Thread: Sorting a very large list

  1. #1
    Registered User
    Join Date
    May 2018
    Posts
    7

    Question Need help in sorting a very large list

    I'm quite new to programming, please excuse my mistakes.

    So for my programming project this semester I got a file containing temperature data from all countries in the world, the uncertainty related to that measurement and the date of measure.

    I have to upload all of that data to a double linked sorted list. Basically the list has around 600 000 elements (nodes). Each node contains a next pointer, a prev pointer and some data ( as usual, i guess). I have to sort the list by year, so basically it goes node->payload.date.year.

    I tried to use the insertion sort alone, but it took me more than 20 minutes to sort it.

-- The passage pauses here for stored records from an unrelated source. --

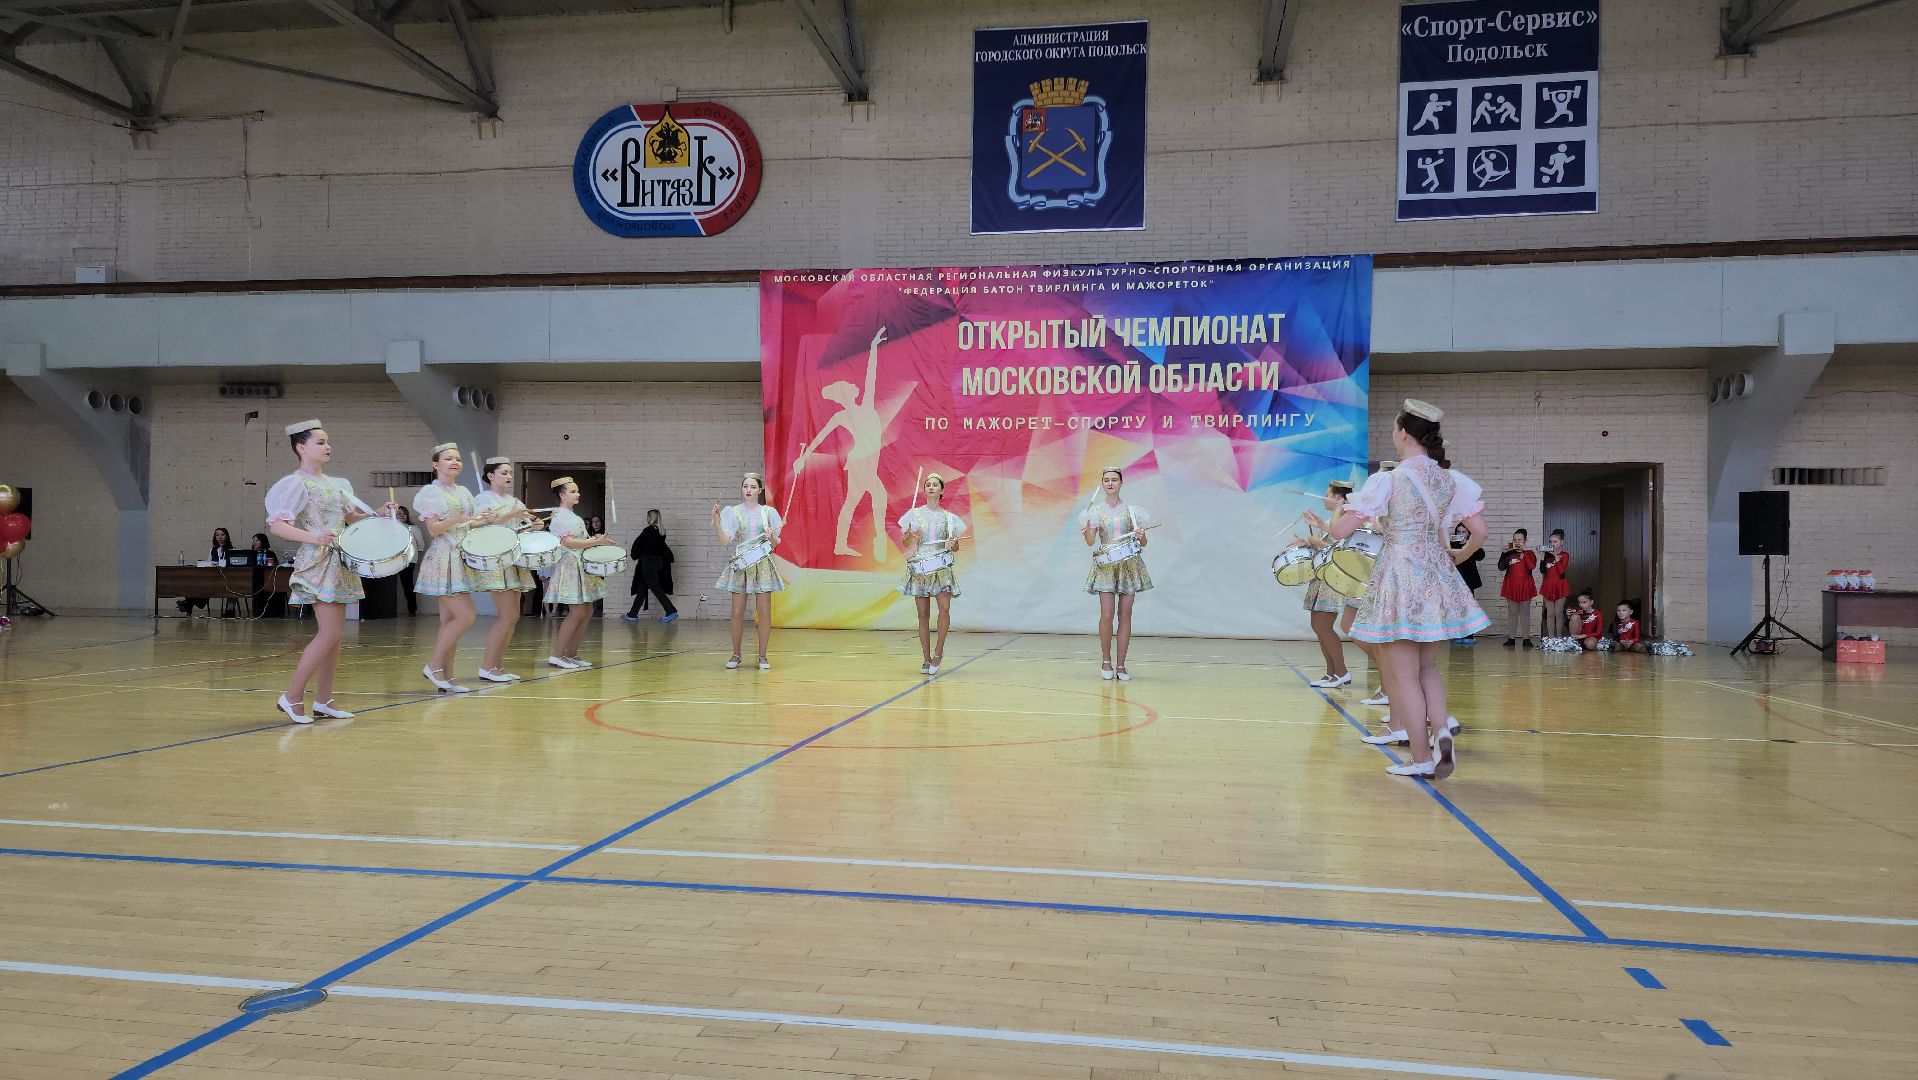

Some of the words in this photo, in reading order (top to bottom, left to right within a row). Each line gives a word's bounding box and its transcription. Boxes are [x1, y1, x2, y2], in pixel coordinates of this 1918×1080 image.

[1401, 10, 1598, 40] «Спорт-Сервис»
[1012, 30, 1109, 46] АДМИНИСТРАЦИЯ
[975, 48, 1042, 64] ГОРОДСКОГО
[1045, 46, 1086, 59] ОКРУГА
[1088, 43, 1147, 58] ПОДОЛЬСК
[1446, 42, 1548, 64] Подольск
[774, 273, 855, 283] МОСКОВСКАЯ
[861, 272, 933, 282] ОБЛАСТНАЯ
[938, 270, 1037, 280] РЕГИОНАЛЬНАЯ
[1043, 264, 1242, 278] ФИЗКУЛЬТУРНО-СПОРТИВНАЯ
[1249, 260, 1351, 271] ОРГАНИЗАЦИЯ
[983, 285, 1024, 295] БАТОН
[1029, 282, 1106, 293] ТВИРЛИНГА
[1111, 282, 1120, 291] И
[957, 314, 1106, 350] ОТКРЫТЫЙ
[1114, 313, 1285, 347] ЧЕМПИОНАТ
[962, 360, 1141, 396] МОСКОВСКОЙ
[1149, 361, 1280, 394] ОБЛАСТИ
[925, 416, 949, 430] ПО
[963, 415, 1146, 430] МАЖОРЕТ-СПОРТУ
[1162, 415, 1174, 429] И
[1190, 413, 1317, 429] ТВИРЛИНГУ

    I came up with this "algorithm" where I would have an array of structures containing pointers to the middle of the list, so that I wouldn't have to iterate from the head, every single time. I thought saving pointers for each year was reasonable (there are around 200 years).So the structure has a pointer of the type node and it also has an integer (year) as a tag.

    If, by now, you have spotted some huge mistake or a hole in my idea, maybe you don't have to look at the code. If it's minimally reasonable, I would appreciate if you did.

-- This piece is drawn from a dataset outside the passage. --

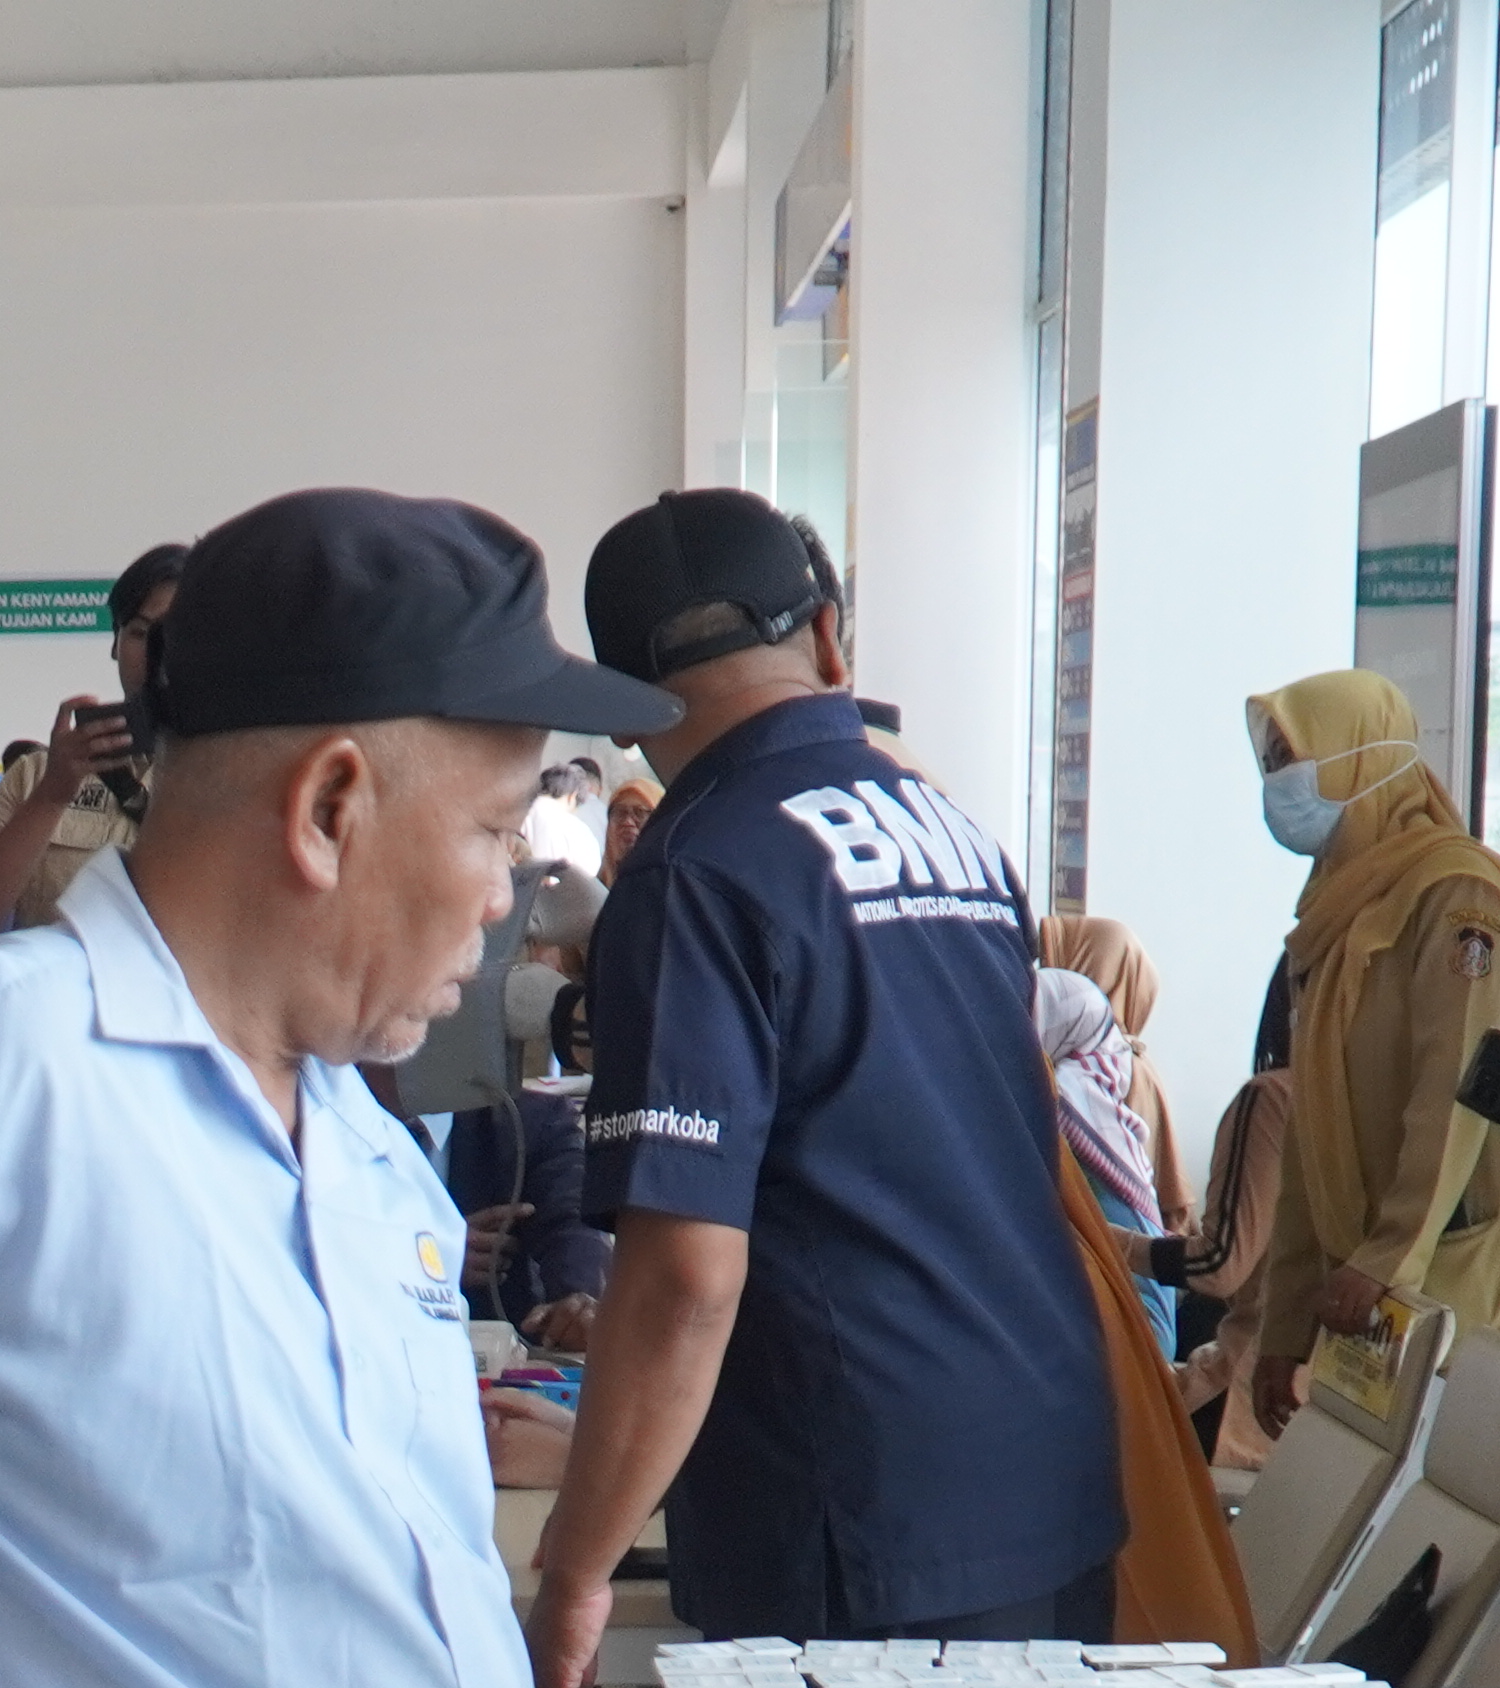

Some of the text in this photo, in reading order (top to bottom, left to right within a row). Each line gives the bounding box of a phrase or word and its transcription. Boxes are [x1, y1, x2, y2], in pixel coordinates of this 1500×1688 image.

[56, 611, 98, 627] KAMI
[780, 778, 1013, 898] BNN
[589, 1105, 720, 1145] #stopnarkoba

    The thing is, my new array of structures is messing with the original list. On top of the segmentation fault which ends the execution, the original list dates are being changed.

    Code:
    void InsertSort(node_t ** _head, dados_temp* _fcountries, pointers_years **pointers, int *count){
        node_t *new_elem = NULL;
        node_t *iterador = NULL;
        new_elem = NewNode(_fcountries);
    
    
        int aux=0, i=0, j=0, found=0;
    
    
        if(*_head == NULL)
        {
            *_head = new_elem;
        
            *pointers = (pointers_years*)checkedMAlloc(sizeof(pointers_years));
    
    
            pointers[0]->year = new_elem->payload.dt.year;
            pointers[0]->pointer = new_elem;
    
    
            (*count)++;
    
    
    
    
            return;
        }
    
    
        for(i=0;i<(*count);i++)
        {
            if( (new_elem->payload.dt.year) == (pointers[i]->year))
            {
                iterador = pointers[i]->pointer;
                found=1;
                break;
            }
            else
            {
                found=0;
            }
        }
        if(found==0)
        {
            *pointers = (pointers_years*)realloc(*pointers,sizeof(pointers_years)*(i+1));
    
    
            pointers[i]->year = new_elem->payload.dt.year;
            pointers[i]->pointer = new_elem;
    
    
            aux = abs(pointers[0]->year-pointers[i]->year);
            iterador=*_head;
            for(j=0;j<*count;j++)
            {
                if(abs(pointers[j]->year-pointers[i]->year)<aux && (pointers[j]->year)<(pointers[i]->year))
                {
                    aux=abs(pointers[j]->year-pointers[i]->year);
                    iterador=pointers[j]->pointer;
                }
            }
            (*count)++;
        }
    
    
    
    
        while(date_cmp(iterador,new_elem)<0) // if iterator < new element
        {
            if(iterador->next!=NULL)
                iterador=iterador->next;
            else // if we have reached the last node of the list
            {
                iterador->next=new_elem;
                new_elem->prev = iterador;
                return;
            }
        }
    
    
        if(iterador==*_head )
        {
            new_elem->next=iterador;
            iterador->prev=new_elem;
            (*_head)=new_elem;
        }
        else if (iterador==pointers[j]->pointer)
        {
            new_elem->prev=iterador->prev;
            iterador->prev->next=new_elem;
            new_elem->next=iterador;
            iterador->prev=new_elem;
            pointers[j]->pointer=new_elem;
        }
        else
        {
             new_elem->next=iterador;
             new_elem->prev=iterador->prev;
             iterador->prev->next=new_elem;
             iterador->prev=new_elem;
        }
    }
    I realise it may be very confusing, I am sorry.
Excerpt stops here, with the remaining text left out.